Heated‐tool welding (butt welding)
Another method of welding KOMADUR PVC sheets is the heated‐tool welding
procedure, in which tools of different shapes (circular, sword‐shaped) are used. The
perfectly smoothed‐out and cleaned surfaces of the parts to be welded are heated up
slightly by pressing them against the heated tool until they are plasticised. They are then
pressed together.
This welding process is simple and time saving, and produces joints that are almost free
of stress and capable of withstanding high stress.

14. As long as the welding conditions, which depend on the material (temperature of the
heated tools, contact pressure against the tool, contact pressure when joining and
immediate joining after plasticising), are adhered to, the strength of the welding seams is
almost equal to the strength of the basic material itself. Please refer to the above chart for
these heating and contact‐pressure conditions.
Welding
The following parameters must be precisely adjusted and checked at regular intervals.

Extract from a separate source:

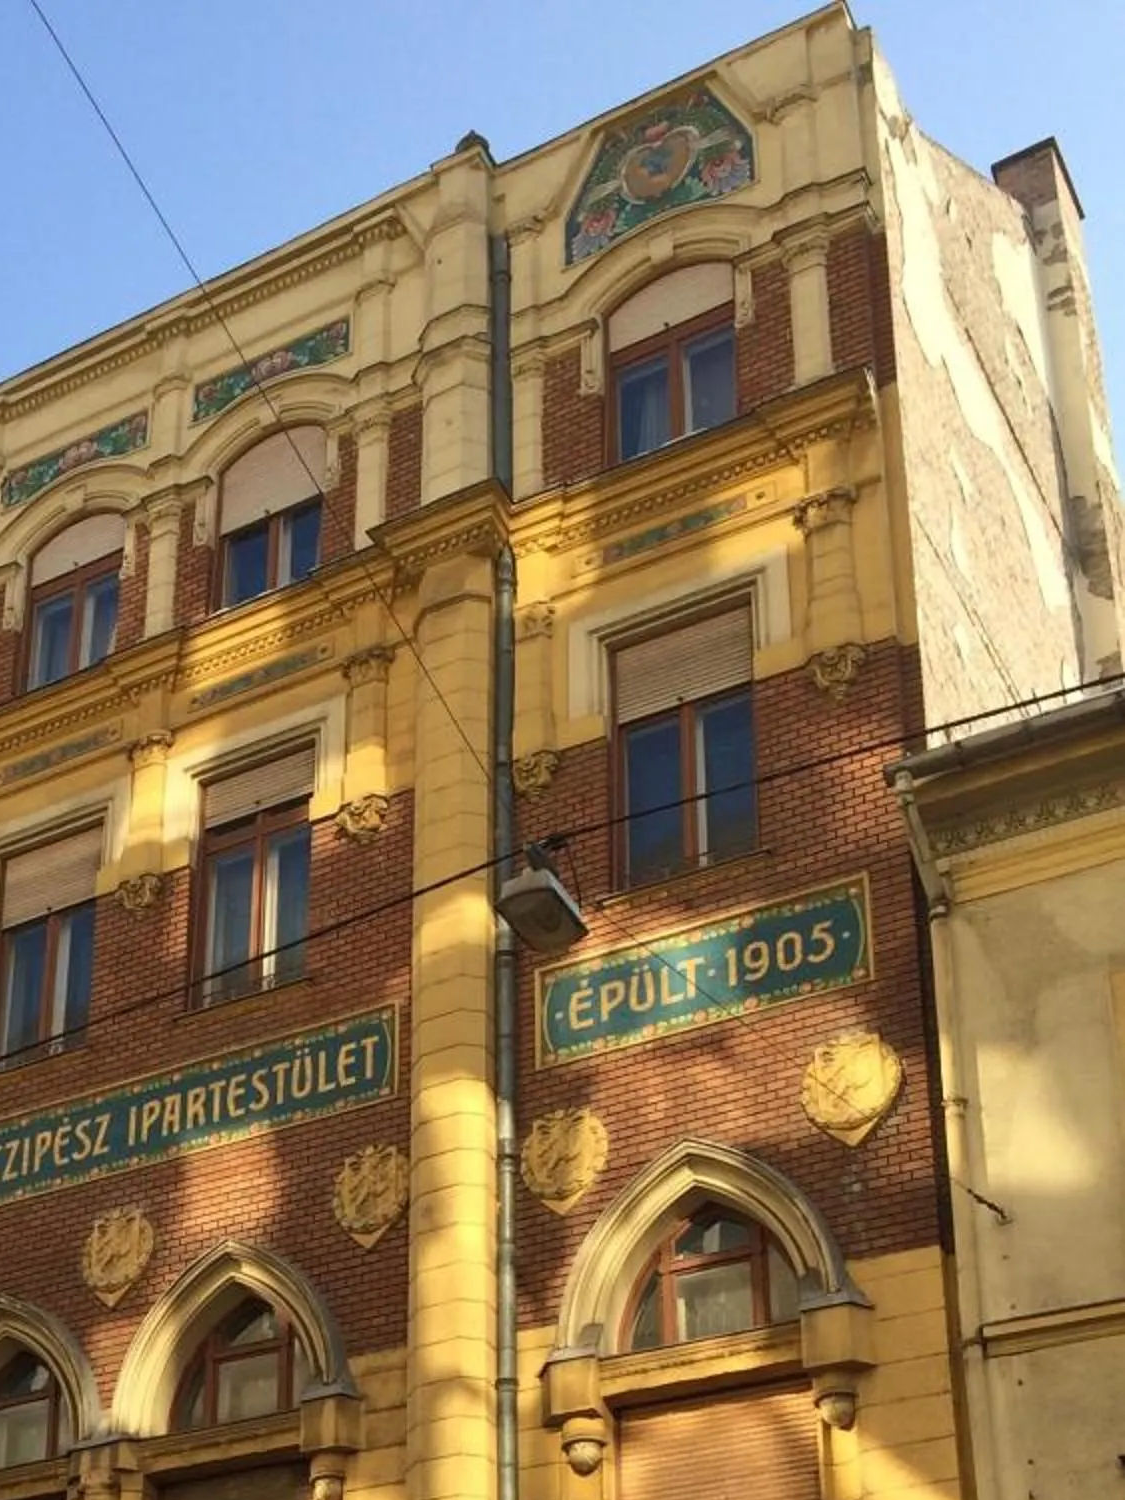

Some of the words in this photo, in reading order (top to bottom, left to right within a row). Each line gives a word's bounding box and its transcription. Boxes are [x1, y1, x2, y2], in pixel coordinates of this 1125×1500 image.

[567, 955, 706, 1030] ÉPÜLT
[725, 920, 836, 988] 1905
[127, 1035, 380, 1147] IPARTESTÜLET

During the course of heating, the plasticised material forms a bead. Heating should be
stopped when this bead is 1‐2 mm thick. The contact pressure of the heated tool against
the sheet must be set so low in order to avoid too much of the plasticised material being
squeezed out of the plasticised zone.
Immediately after removing the heated tool from the sheet, the plasticised parts must be
firmly pressed together until the material has hardened again.
Folding and welding
The folding and welding process is a modification of the butt‐welding process. The sheet
is resting on an even surface. The heated tool is placed on the sheet along the bending
(folding) line as a cutting edge until it melts into the material.
The edge of the bar has an angle of 60° for rectangular folding. The bar should penetrate
the sheet by up to 2/3 of its thickness, before it is raised again. Immediately on removing
the bar, the sheet is folded and welded along the plasticised line.
In order to produce the necessary pressure at the heated bar, the angle between the edges
to be welded must be 15° to 20° smaller than the folding angle wanted. If thick sheets have
to be folded, the heating time can be reduced by milling a wedge‐shaped groove into the
welding line before applying the heated bar.
Fabrication: Bonding
KOMADUR sheets can be bonded to one another, and to other materials. Different
adhesive types may be used depending on the requirements and the specific use. Though
several other adhesives can be used, we recommend bonding KOMADUR sheets together,
and to other substrates, using KORAFIT. We also suggest testing any adhesive prior to
using it in a production situation. The stability characteristics of the cured bonding seams
lie within the material stability range of the sheets themselves.